8. Conditions Precedent.
A. Purchaser agrees to accept an assignment of Seller's lease for its
current location. A true copy of said Lease is annexed hereto and made a
part hereof as Exhibit G. On or before the Closing, Seller shall obtain its
Landlord's consent to an assignment of said Lease to Cadapult.
B. Purchaser's satisfactory review of aspects of Seller's business,
including but not limited to, financial statements, Statements of Profits and
Losses and Balance Sheets for all of 1998 and at least the first 3 months of
1999. Management prepared financial statements for the three months of 1999
will be accepted for the purposes of Purchaser's review. Said review shall
be completed within 30 days of the date hereof at which time Purchaser shall
notify Seller in writing that it either (i) is willing to proceed to closing
based upon its review of the Seller's business or (ii) is unwilling to
proceed to closing based upon such review. Purchaser shall have the right to
make either of the aforesaid elections at its sole and absolute discretion.
In the absence of such notice, Purchaser shall be deemed to have elected not
to proceed.
C. Execution at Closing of the Employment Agreements referenced in
Paragraph 6 hereinabove.
9. Seller's Representations. Seller represents and warrants to Purchaser
as follows:
A. Title to Assets. Seller shall, as of the date of Closing, have
good and marketable title to the Assets, free and clear of restrictions on or
conditions to transfer or assignment as well as any and all liens, pledges,
charges, or encumbrances, except those specifically referred to 1.02
hereinabove. At Closing, Seller shall convey all such Assets.
B. Indemnification. Seller, and Seller's shareholders, do hereby
jointly and severally agree to protect, indemnify, and hold the Purchaser
harmless from and against any loss, damage or expense, as well as reasonable
counsel fees and costs, if incurred, resulting from any breach of the
warranties set forth in Subparagraph A of this Paragraph 9. Specifically,
the within Indemnification shall include any claim made against Purchaser for
any unpaid liability of Seller.
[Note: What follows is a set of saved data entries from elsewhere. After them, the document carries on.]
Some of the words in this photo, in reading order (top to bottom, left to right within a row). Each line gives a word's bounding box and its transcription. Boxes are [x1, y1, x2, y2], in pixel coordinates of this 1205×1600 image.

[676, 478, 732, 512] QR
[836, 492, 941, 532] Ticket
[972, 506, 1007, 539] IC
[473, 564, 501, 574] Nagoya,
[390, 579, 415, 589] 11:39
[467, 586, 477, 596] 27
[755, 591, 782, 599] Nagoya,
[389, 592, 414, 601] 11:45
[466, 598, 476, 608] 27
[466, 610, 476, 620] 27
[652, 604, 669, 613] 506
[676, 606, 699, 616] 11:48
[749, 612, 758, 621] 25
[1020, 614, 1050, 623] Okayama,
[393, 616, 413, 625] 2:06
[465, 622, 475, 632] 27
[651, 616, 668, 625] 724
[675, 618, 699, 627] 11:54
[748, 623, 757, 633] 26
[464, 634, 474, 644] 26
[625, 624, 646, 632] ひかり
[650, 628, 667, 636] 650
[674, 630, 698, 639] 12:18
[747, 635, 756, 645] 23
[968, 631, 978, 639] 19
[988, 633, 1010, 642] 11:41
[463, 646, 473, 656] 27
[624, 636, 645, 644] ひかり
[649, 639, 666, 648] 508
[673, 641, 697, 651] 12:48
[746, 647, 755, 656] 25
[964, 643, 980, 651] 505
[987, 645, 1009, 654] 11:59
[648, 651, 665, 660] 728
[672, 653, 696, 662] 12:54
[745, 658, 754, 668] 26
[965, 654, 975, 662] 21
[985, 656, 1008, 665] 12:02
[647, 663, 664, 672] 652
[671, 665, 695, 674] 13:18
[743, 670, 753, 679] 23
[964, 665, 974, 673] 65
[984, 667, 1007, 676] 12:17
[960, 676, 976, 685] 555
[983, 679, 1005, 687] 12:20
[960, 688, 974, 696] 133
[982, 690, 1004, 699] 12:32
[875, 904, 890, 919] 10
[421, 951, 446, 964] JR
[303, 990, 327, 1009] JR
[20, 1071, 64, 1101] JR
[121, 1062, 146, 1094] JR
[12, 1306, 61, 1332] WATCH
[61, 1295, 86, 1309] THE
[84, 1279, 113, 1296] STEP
Should any claim for indemnification arise
during the pendency of the Escrow as referenced in Paragraph 3 hereinabove,
the Purchaser shall have the right to request that any funds being held on
behalf of the Seller continue to be held pending resolution of such claim
and, further to pay the amount of such claim upon adjudication thereof from
said Escrowed Funds, should same remain unsatisfied. The allocation of any
liability among the Shareholders arising pursuant to the provisions of this
Paragraph shall be in proportion to the equity owned by each in WEB
Associates, Inc., and, except in the case of fraud, shall not exceed the
amount received by each Shareholder as his or her share of the consideration
paid pursuant to this Agreement.
C. Transfer Not Subject to Encumbrances or Third-Party Approval. The
execution and delivery of this Agreement by Seller, and the consummation of
the within contemplated transaction, will not result in the creation or
imposition of any valid lien, charge, or encumbrance on any of the Assets,
and will not require the authorization, consent, or approval of any third
party, including any lender or governmental or regulatory agency.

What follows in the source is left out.